- _Work instructions_
Would you return the records below character for character, without any images?

Dataset entries:
*** Block opens ***
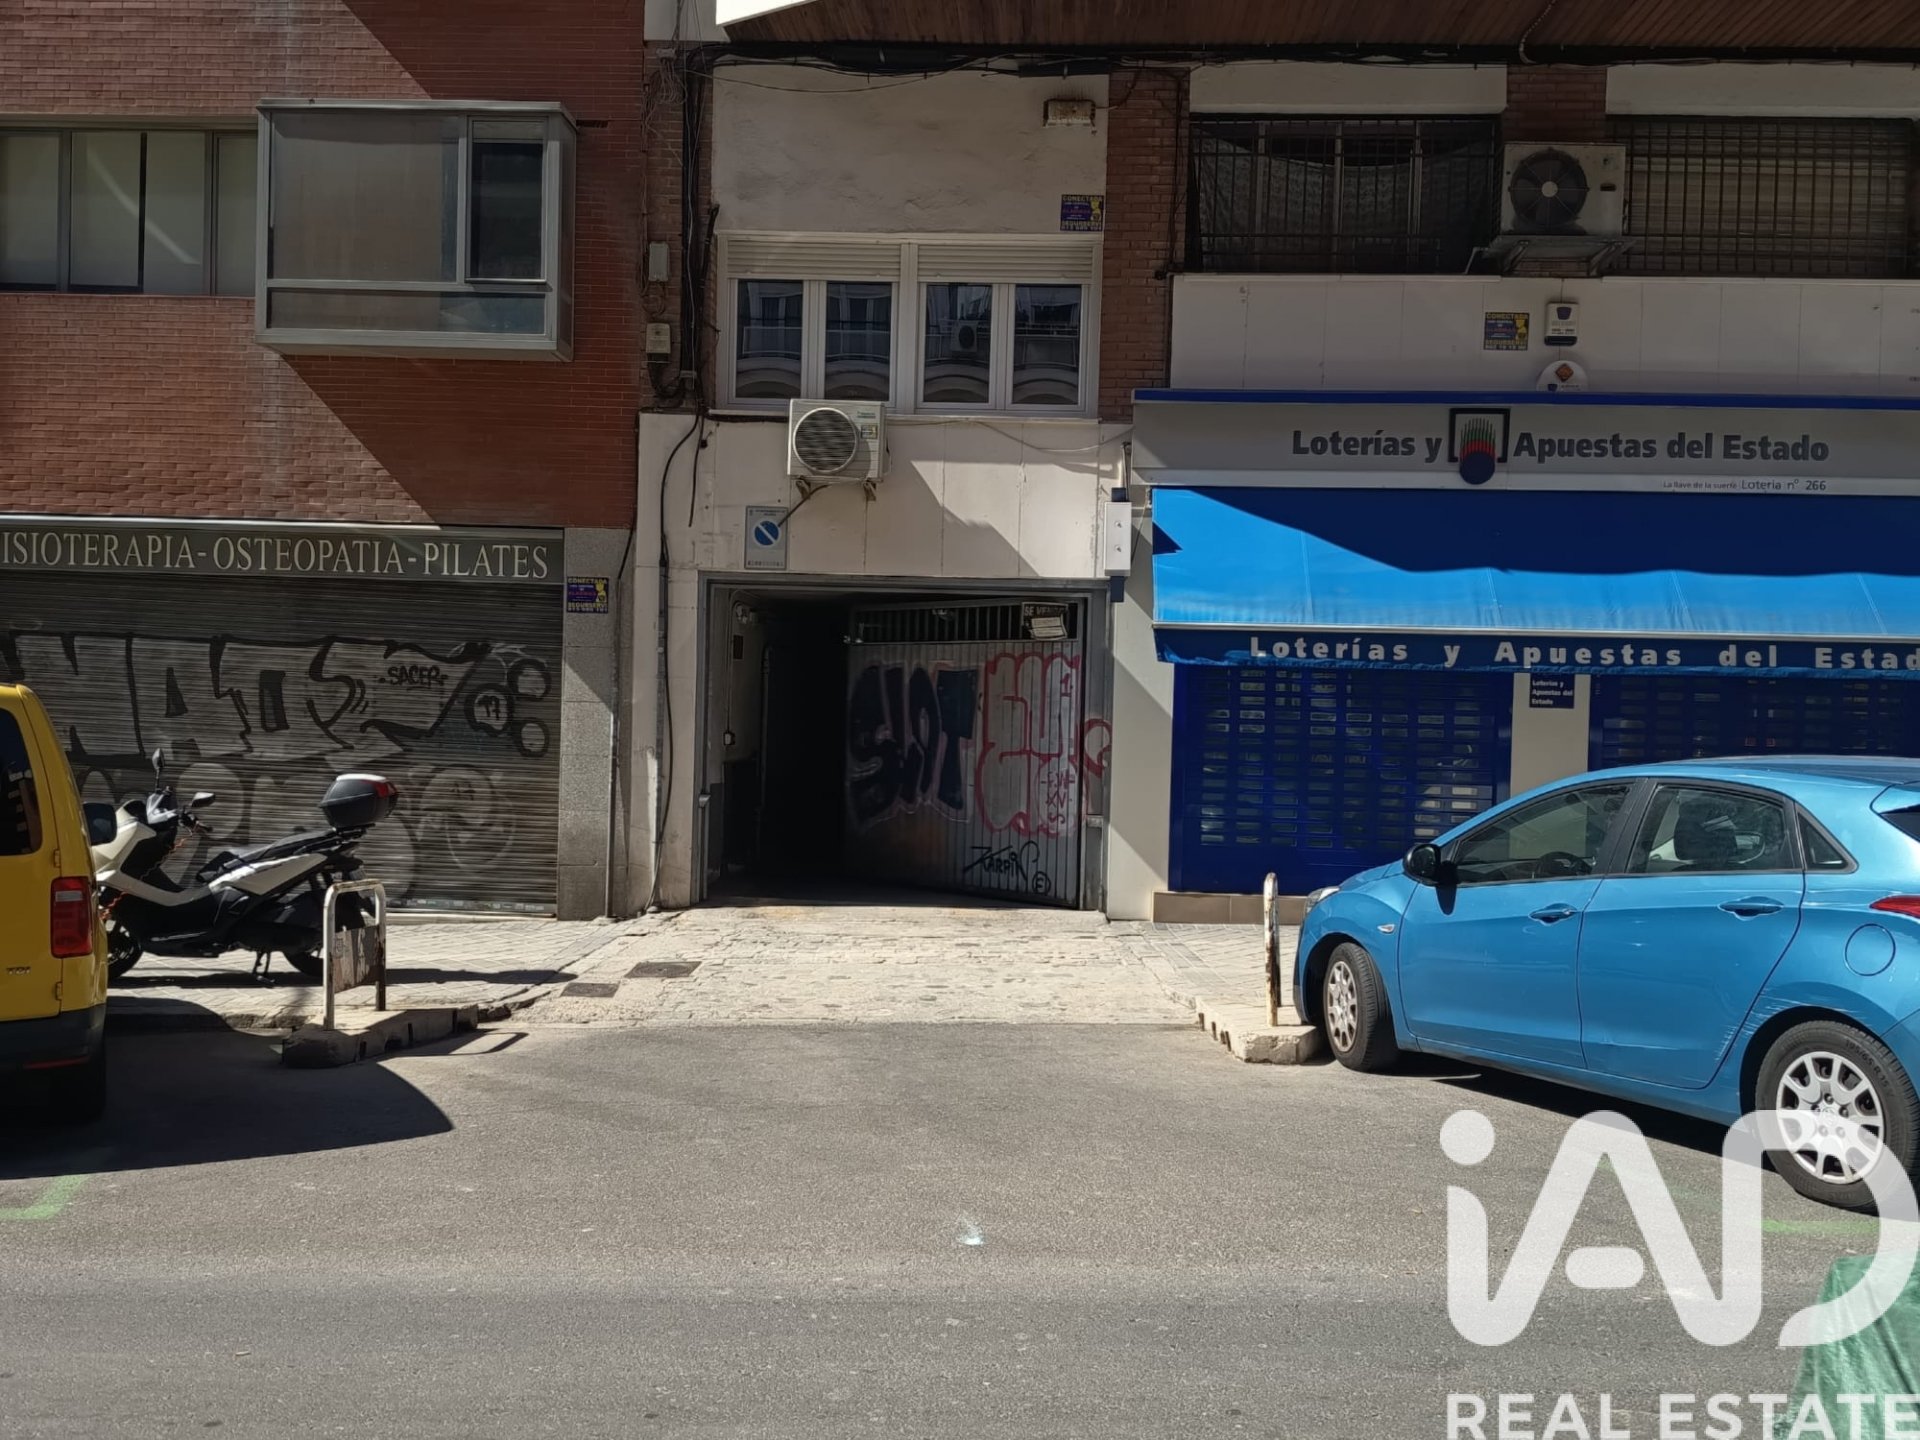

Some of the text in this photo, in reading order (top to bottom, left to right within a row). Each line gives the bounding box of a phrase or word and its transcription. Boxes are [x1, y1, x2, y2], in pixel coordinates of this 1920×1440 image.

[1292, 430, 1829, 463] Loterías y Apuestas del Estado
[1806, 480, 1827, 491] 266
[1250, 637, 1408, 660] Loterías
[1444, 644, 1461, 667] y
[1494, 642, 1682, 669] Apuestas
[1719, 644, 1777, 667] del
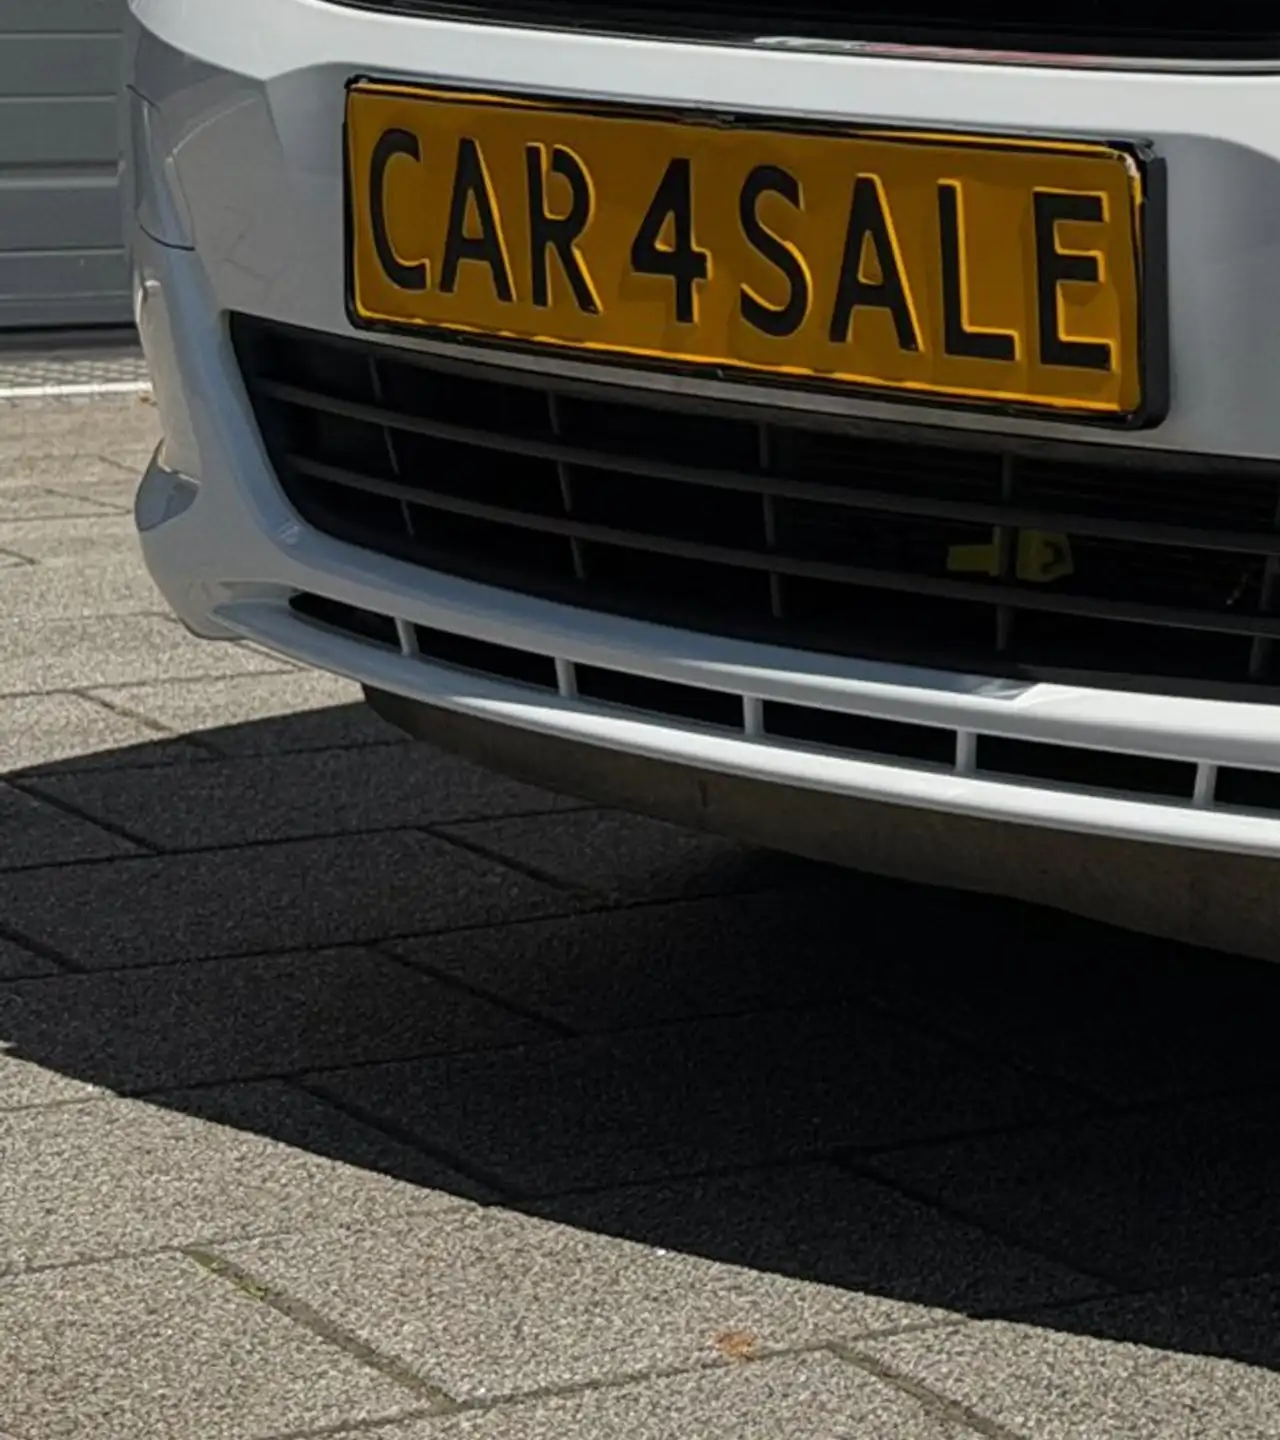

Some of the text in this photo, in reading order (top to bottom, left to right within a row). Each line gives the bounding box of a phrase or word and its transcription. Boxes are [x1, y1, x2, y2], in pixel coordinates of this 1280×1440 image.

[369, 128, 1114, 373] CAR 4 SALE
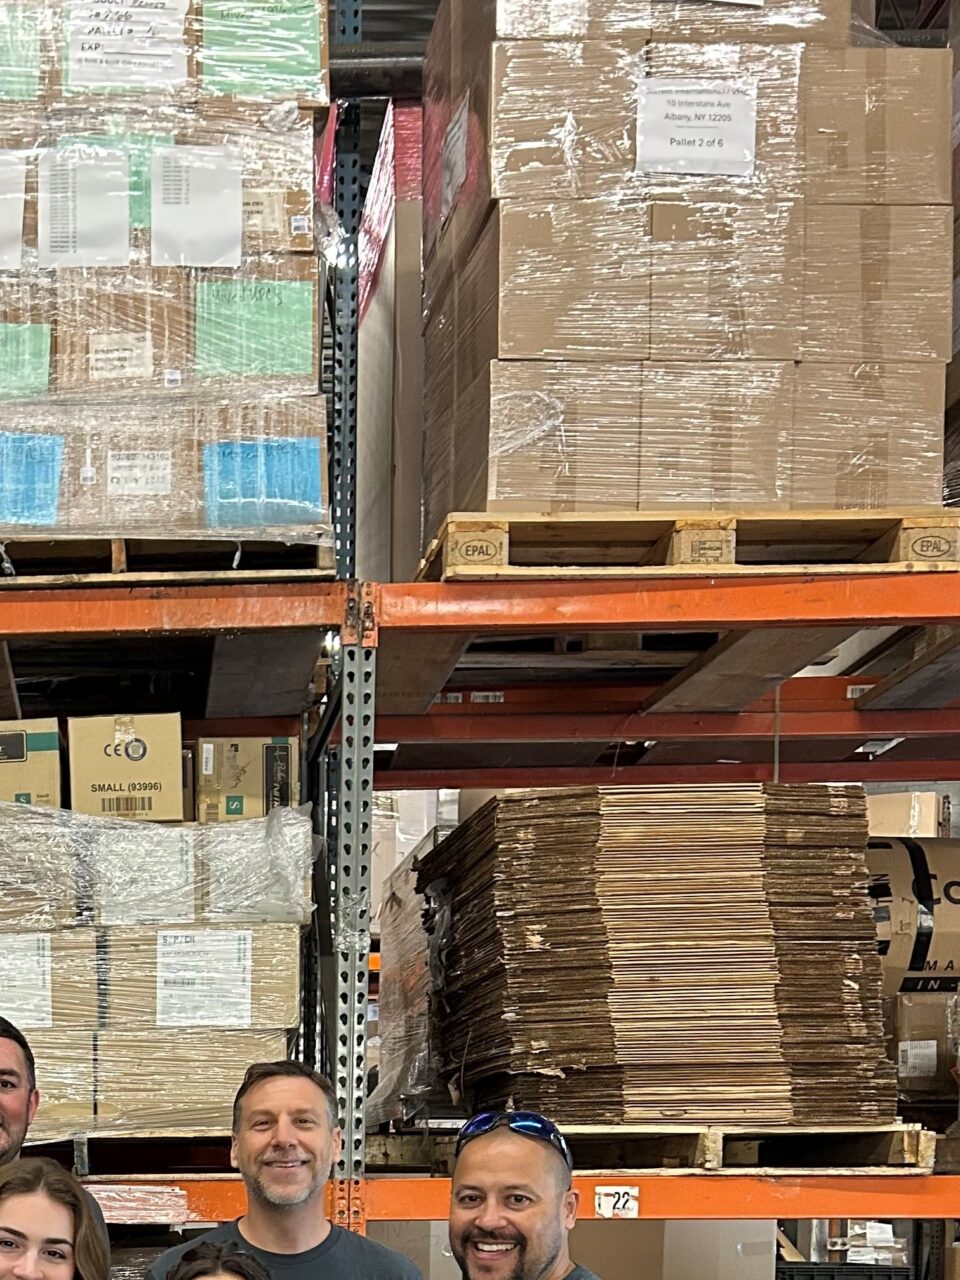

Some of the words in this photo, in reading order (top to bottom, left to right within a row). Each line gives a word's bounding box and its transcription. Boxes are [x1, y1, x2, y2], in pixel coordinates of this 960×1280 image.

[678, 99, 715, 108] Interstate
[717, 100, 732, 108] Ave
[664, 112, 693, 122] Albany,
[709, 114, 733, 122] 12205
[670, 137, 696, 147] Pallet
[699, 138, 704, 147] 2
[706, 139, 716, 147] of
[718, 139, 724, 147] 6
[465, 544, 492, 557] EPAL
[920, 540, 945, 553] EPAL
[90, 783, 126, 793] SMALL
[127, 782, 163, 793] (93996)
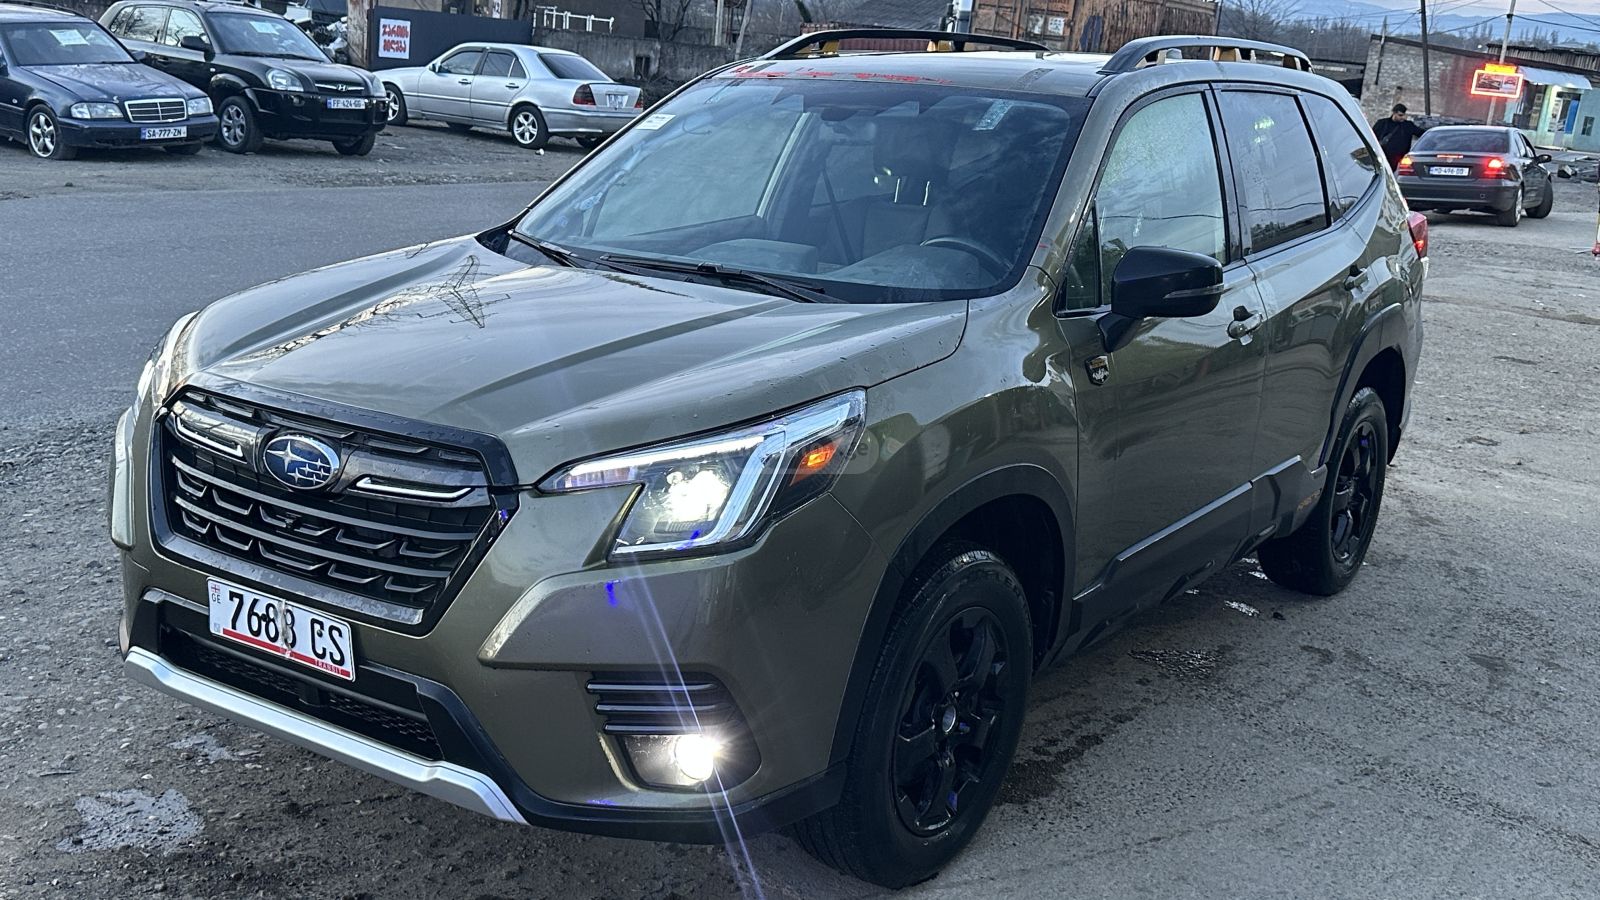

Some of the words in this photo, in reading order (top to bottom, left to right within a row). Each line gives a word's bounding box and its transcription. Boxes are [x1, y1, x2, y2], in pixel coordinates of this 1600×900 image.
*** Block closes ***
- _Answer to this exercise_
Some of the text in this photo, in reading order (top to bottom, left to right within a row). Each line gives the bounding box of a phrase or word and its transcription. Boxes are [x1, y1, x2, y2], in pixel coordinates of this 1920×1440 image.

[1292, 430, 1829, 463] Loterías y Apuestas del Estado
[1806, 480, 1827, 491] 266
[1250, 637, 1408, 660] Loterías
[1444, 644, 1461, 667] y
[1494, 642, 1682, 669] Apuestas
[1719, 644, 1777, 667] del

Some of the text in this photo, in reading order (top to bottom, left to right within a row). Each line gives the bounding box of a phrase or word and its transcription. Boxes are [x1, y1, x2, y2], in pixel coordinates of this 1280×1440 image.

[369, 128, 1114, 373] CAR 4 SALE

Some of the words in this photo, in reading order (top to bottom, left to right within a row). Each line gives a word's bounding box and its transcription. Boxes are [x1, y1, x2, y2], in pixel coordinates of this 960×1280 image.

[678, 99, 715, 108] Interstate
[717, 100, 732, 108] Ave
[664, 112, 693, 122] Albany,
[709, 114, 733, 122] 12205
[670, 137, 696, 147] Pallet
[699, 138, 704, 147] 2
[706, 139, 716, 147] of
[718, 139, 724, 147] 6
[465, 544, 492, 557] EPAL
[920, 540, 945, 553] EPAL
[90, 783, 126, 793] SMALL
[127, 782, 163, 793] (93996)

Some of the words in this photo, in reading order (top to bottom, left to right within a row). Each line gives a word's bounding box and its transcription. Boxes are [x1, y1, x2, y2], in pixel coordinates of this 1600×900 image.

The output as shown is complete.